По крайней мере, присяжные слушают. Некоторые даже настолько осмелели, что бросают на меня косые взгляды. Я примеряю на себя роль — нечто среднее между Кающейся грешницей и Убитой горем.
— Доктор, когда вы последний раз видели миссис Фрост?
— Неделю назад. — О’Брайен дружески мне улыбается. — Сейчас она чувствует себе более способной защитить своего сына, но сознает, что средства, которыми она этого добилась, — незаконные. Если откровенно, она испытывает раскаяние за свои поступки.
— Миссис Фрост продолжает страдать от посттравматического стрессового расстройства?
— Посттравматическое расстройство — это не ветрянка, и его можно лечить бесконечно. Однако, на мой взгляд, на данный момент она отдает отчет в своих мыслях и поступках и может себя контролировать. Мне кажется, после адекватной амбулаторной терапии она сможет функционировать вполне нормально.
Эта ложь стоила Фишеру, а следовательно и мне, две тысячи долларов. Но оно того стоило: некоторые присяжные уже кивают. Возможно, честности придается слишком большое значение. На самом деле бесценно умение вычленить из потока лжи то, что человек больше всего хочет услышать.
У Натаниэля болят ноги, большие пальцы мерзнут даже в сапогах. Варежки остались в игровой комнате, поэтому кончики пальцев на руках покраснели, даже несмотря на то что он засунул руки в карманы куртки. Он считает вслух — просто для того, чтобы чем‑то заняться, — и цифры зависают перед ним клубами в холодном воздухе.
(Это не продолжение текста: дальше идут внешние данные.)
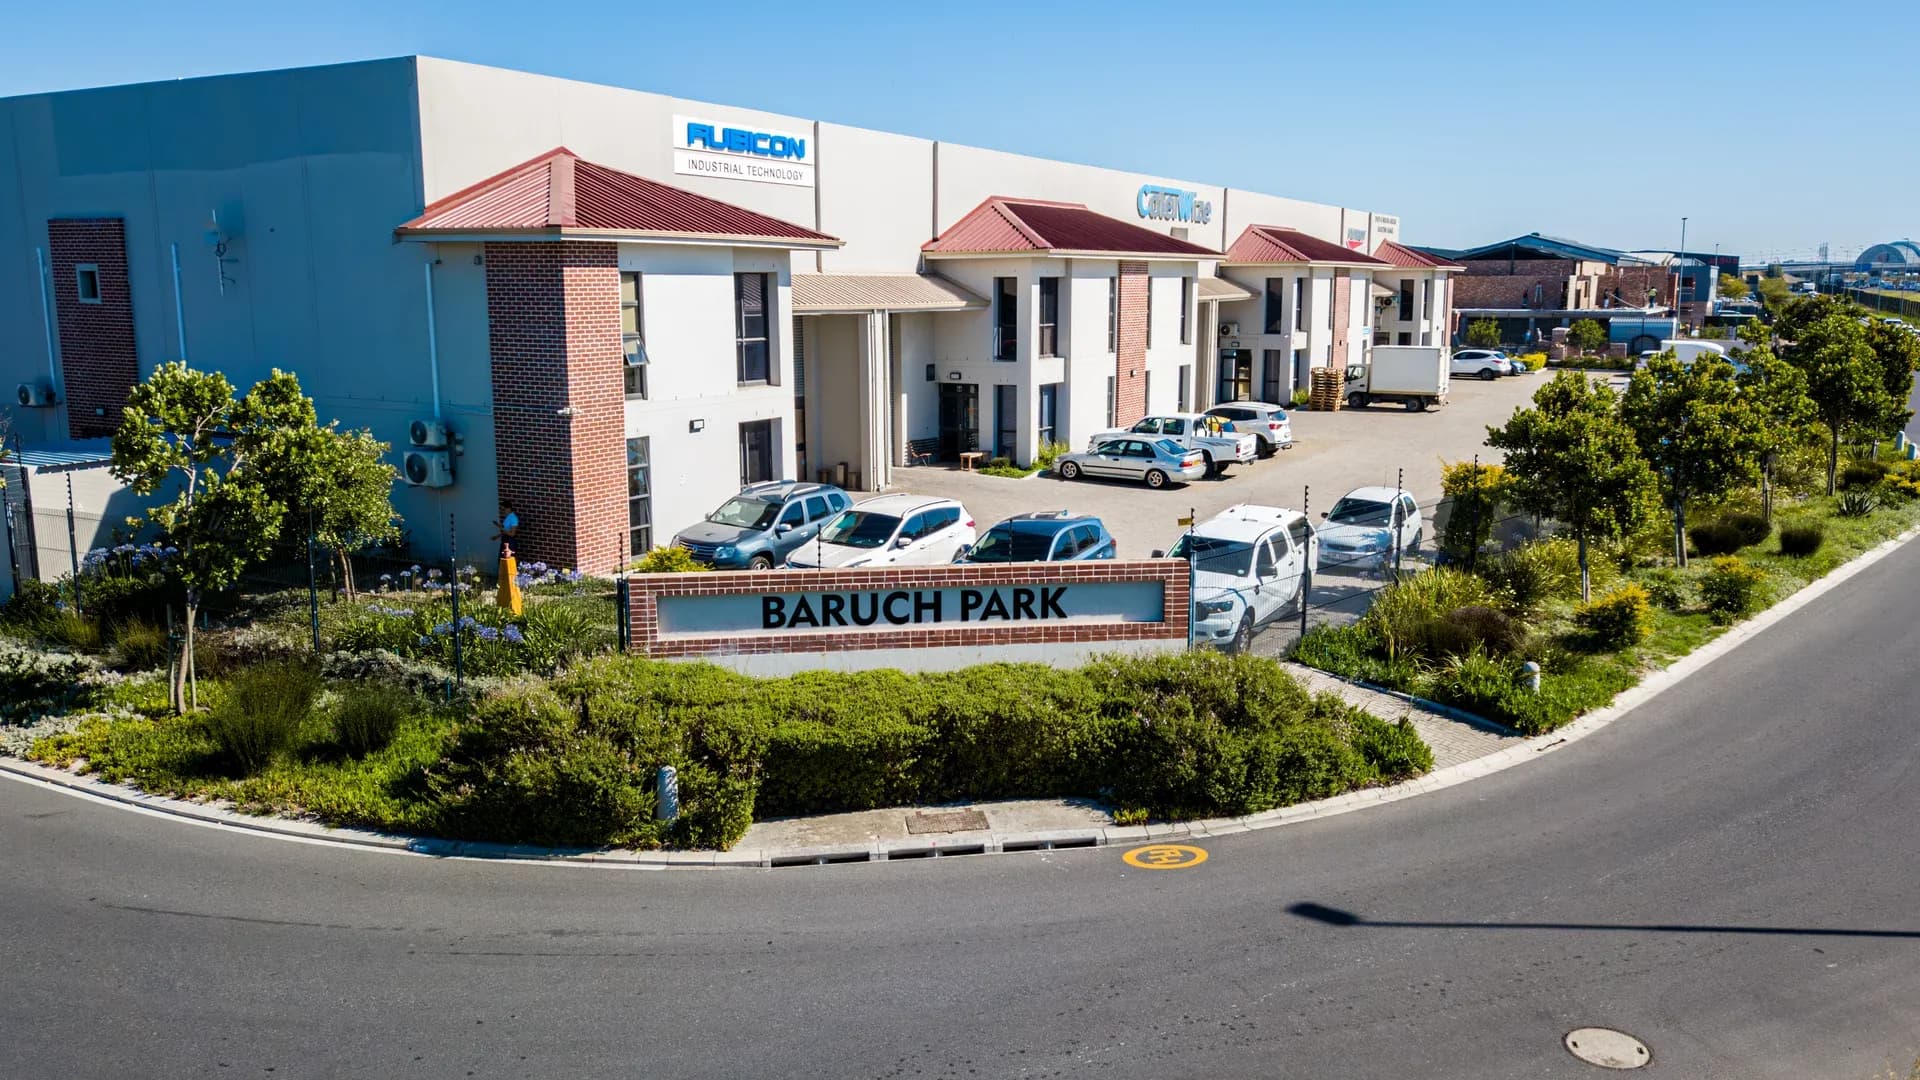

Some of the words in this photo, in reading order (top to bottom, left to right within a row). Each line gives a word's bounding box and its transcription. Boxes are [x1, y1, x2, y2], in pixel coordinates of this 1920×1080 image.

[687, 122, 806, 160] RUBICON
[688, 159, 744, 175] INDUSTRIAL
[747, 165, 804, 181] TECHNOLOGY
[762, 591, 943, 629] BARUCH
[960, 586, 1068, 622] PARK
Не придумав ничего лучшего, он перелазит через заграждение и выбегает на середину дороги. Приближается автобус, он сигналит, когда приходится вильнуть в сторону.
Натаниэль расставляет руки в стороны, чтобы не упасть, и шагает по тонкой пунктирной линии, как по канату.
— Доктор О’Брайен, — начинает Квентин Браун. — Как вы считаете, миссис Фрост в настоящий момент полагает, что может защитить своего сына?
— Да.
— В таком случае кому следующему она приставит к голове пистолет?
Психиатр ерзает на стуле.
— Не думаю, что она пойдет на такие крайние меры.
Прокурор задумчиво закусывает губу:
— Может быть, не сейчас. А скажем, через два месяца… или через два года? Какой‑то ребенок на площадке станет угрожать ее сыну. Или не так посмотрит учитель. Неужели она до конца жизни будет строить из себя Грязного Гарри?
О’Брайен изумленно приподнимает бровь:
— Мистер Браун, мы обсуждаем не ситуацию, когда на ее сына не так посмотрели. Он подвергся сексуальному насилию. Она верила и ничуть в этом не сомневалась, что знает, кто это сделал. Насколько я понимаю, человек, который в конечном итоге оказался настоящим насильником, умер от естественных причин, поэтому так называемая вендетта, безусловно, для нее уже не имеет смысла.
— Доктор, вы читали заключение окружного психиатра. Правда ли то, что вы пришли к совершенно противоположному выводу касательно душевного состояния миссис Фрост? Он не только признал ее вменяемой и правомочной предстать перед судом, но также полагал, что она была совершенно вменяемой в момент совершения убийства.
— Да, доктор Сорроу пришел именно к такому заключению. Но это его первый опыт оценки душевного состояния для суда. Я же более сорока лет выступаю в роли судебного психиатра.
— И ваши показания недешевы, не так ли? — продолжает Браун. — Защита заплатила вам за то, чтобы вы сегодня свидетельствовали в суде?
— Мой обычный гонорар — две тысячи долларов в день плюс накладные расходы, — отвечает О’Брайен, пожимая плечами.
В глубине зала раздается шумок.
— Доктор, по–моему, вы выразились «наконец сломалась». Я правильно процитировал?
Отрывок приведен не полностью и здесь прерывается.